I love it when folks get “jazzed” about fishing… Whenever I spend the evening in my garaged boat getting tackle ready for the next morning I often have trouble getting to sleep thinking of different tactics for the trip. After the trip I’m usually thinking about what I could have done differently, even if it was a great day.
I love fishing!


----------



## BrandonMiller526

Last night they where choking the jerk in current.


----------



## codger

Monday, 14Nov22. Nice day with a slight breeze. It's been too windy to take the canoe out lately, and the forecast shows the wind will be back for at least the next week. Got the canoe loaded on top of the truck. trolling motor, battery, fishing gear loaded up. Got the floatation/exposure suit, 7mm neoprene dive boots, and waterproof gloves ready to go. Drinks, a few snacks, and a cooler of ice ready. Time to go search for the saugeye or whatever else may happen to be enticed by my lures 🙂 Oh no, migraine setting in  
Now I sit here bummed. Still need to unload the truck. No idea when the weather will cooperate again, but know it will. Hope your day is going better than mine. Tight lines.

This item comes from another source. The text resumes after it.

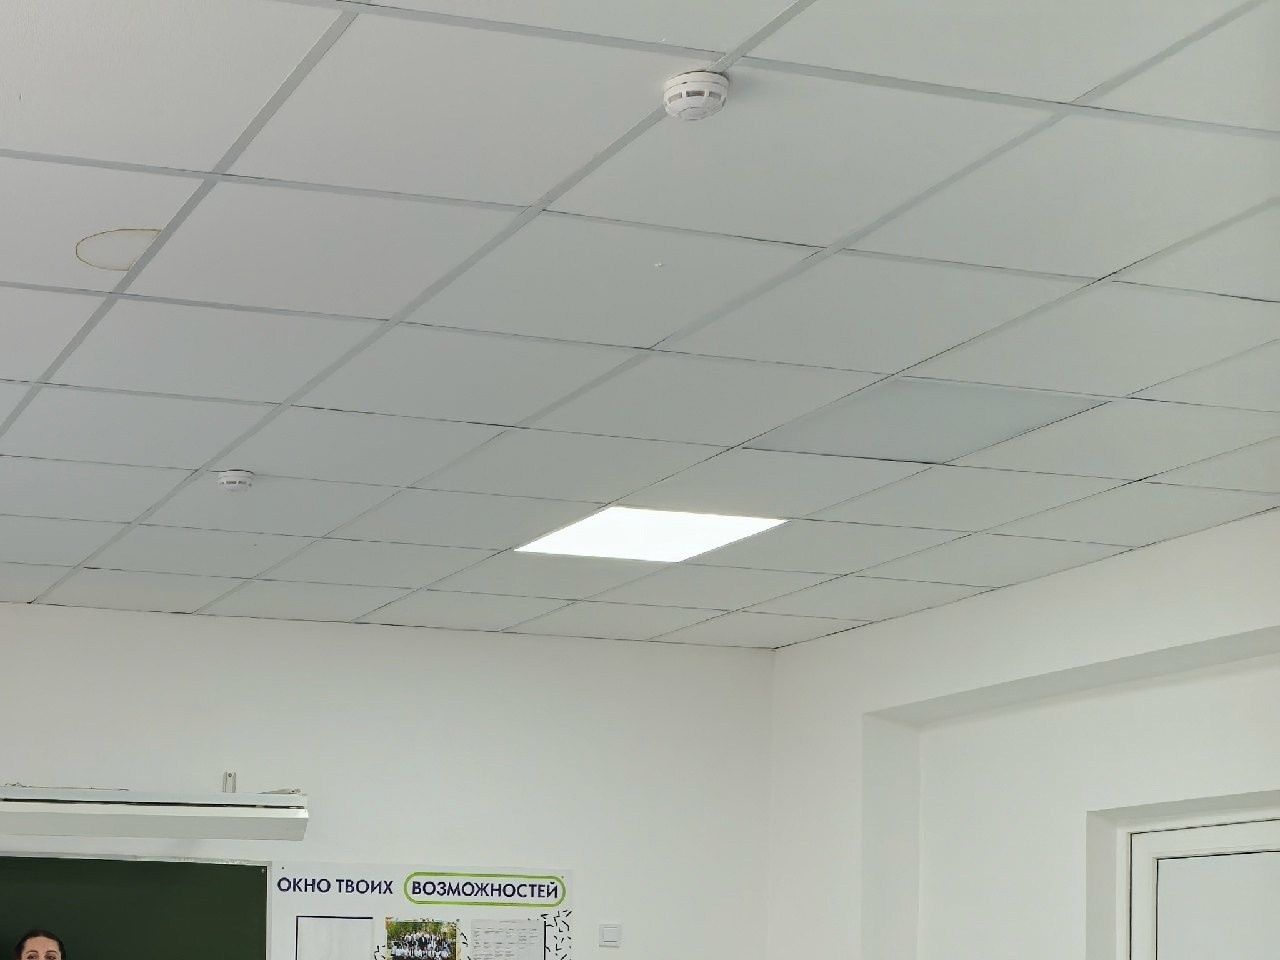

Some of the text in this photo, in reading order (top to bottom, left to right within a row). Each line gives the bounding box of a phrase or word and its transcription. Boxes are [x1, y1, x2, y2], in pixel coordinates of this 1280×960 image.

Update: DW just called and said she's on the way home and stopping at Arbys, did I want anything? Now I've got some buffalo chicken sliders on the way...things are looking up.


----------



## 1basshunter

Got a few more this morning they started biting at 7 am using a vibe


----------



## Scotty

Pineapple for scale


----------



## 1basshunter

Scotty said:


> Pineapple for scale


It was kind of funny I just got back from Hawaii and saw that pineapple peas there. I thought it would be kind of lucky Homan turned out it was right.


----------



## fishmeister

1basshunter said:


> It was kind of funny I just got back from Hawaii and saw that pineapple peas there. I thought it would be kind of lucky Homan turned out it was right.


Well, how was fishing in in the promised land?


----------



## scarbz21

anyone headed out today or this weekend? Im going to try to get out tonight or tomorrow. Be safe if you're fishing rocks guys!


----------



## RodsInTheMud

scarbz21 said:


> anyone headed out today or this weekend? Im going to try to get out tonight or tomorrow. Be safe if you're fishing rocks guys!


Wear some orange this weekend! Deer Gun Youth! It’s the old _“If it’s brown, it’s down.” _adage to look out for!


----------



## scarbz21

Good call out man! Most of the places I fish are not close to hunting grounds from shore. I remember one time fishing a local lake and I had someone draw on me while I was walking to a hole in the River. The side I was on was public across the stream was Private. I didnt have Orange on and didnt know it was gun season. On there behalf, they only had an orange hat on. Be safe everyone!


----------



## RodsInTheMud

Yup, I do a lot of Pike fishing in the winter months, mostly wooded creeks and streams and have stumbled across hunters on occasion. I now wait till after gun season is over. Much safer!!!


----------



## Aidan Kirkpatrick

BrandonMiller526 said:


> View attachment 495885
> Put an absolute beat down on them tonight!


What lake was that at? I want to try to get some perch this winter but idk any good lakes for ‘em


----------



## 1basshunter

scarbz21 said:


> anyone headed out today or this weekend? Im going to try to get out tonight or tomorrow. Be safe if you're fishing rocks guys!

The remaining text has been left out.